Mais le côté sérieux, le côté tragique, l’origine du pli qu’on poursuivait dans Bélinski, cette goutte amère qui travaillait et fermentait dans son sang, voilà ce qui échappait à ces juges sévères, qui toujours s’attachant aux formes, ne se sont jamais demandés d’où venait cet atome dissolvant, qui portait en lui tant de destruction et tant d’espérance. L’histoire du nihiliste leur est inconnue.
Enfant, la vie s’ouvre à lui par une série d’injustices.

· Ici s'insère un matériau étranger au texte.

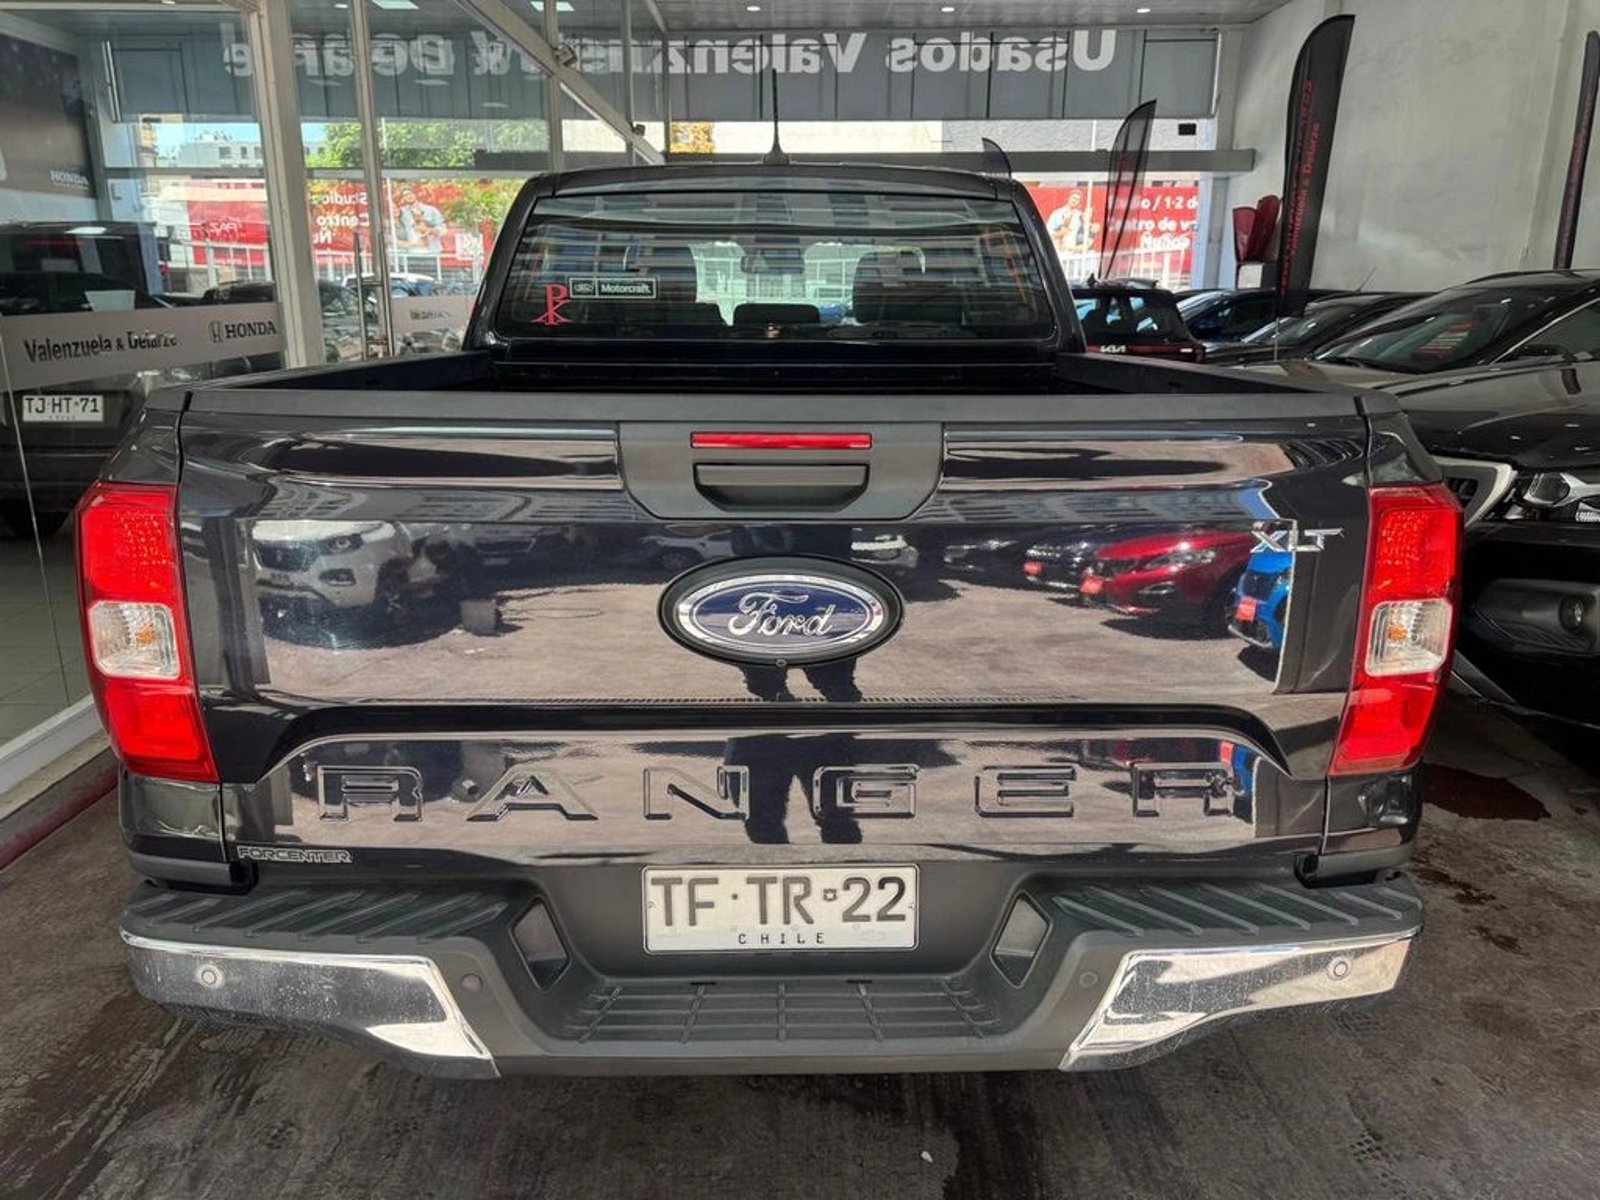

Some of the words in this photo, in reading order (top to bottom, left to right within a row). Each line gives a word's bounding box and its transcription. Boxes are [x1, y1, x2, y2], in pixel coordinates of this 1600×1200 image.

Jeune homme, il abdique sa jeunesse, sous la pression des forces hostiles; à l’âge où l’on se livre à tout le monde, il est méfiant, et au moment de la
vie où l’on a le plus besoin d’appui, il ne compte que sur ses propres forces. Froissé mille fois, il craint les hommes et surtout ceux qui se présentent dona ferentes. Il déteste le monde qui a dégradé son père et enlaidi sa mère. Travaillé de scepticisme, il tâche d’avoir la pensée froide, le verbe insolent; et débordé par son jeune cœur, il se dévoue, il périt, en niant le dévouement.
Quelle tâche que celle de dévoiler avec la patience d’un Agassis poursuivant nuit et jour le germe d’une tortue, de saisir le lien qui unit l’amertume du fils à la concussion, au vol obligé du père, de suivre les larmes de la mère se métamorphosant en rêves socialistes! Oui, cela en valait bien la peine. Mais pour une tâche pareille, il eût fallu être indépendant de toute influence.
Tourguéneff a fait de son nihiliste un «neveu bourru», doté de tous les vices entassés que nous connaissons, vices qu’il craint d’examiner au delà de l’épiderme.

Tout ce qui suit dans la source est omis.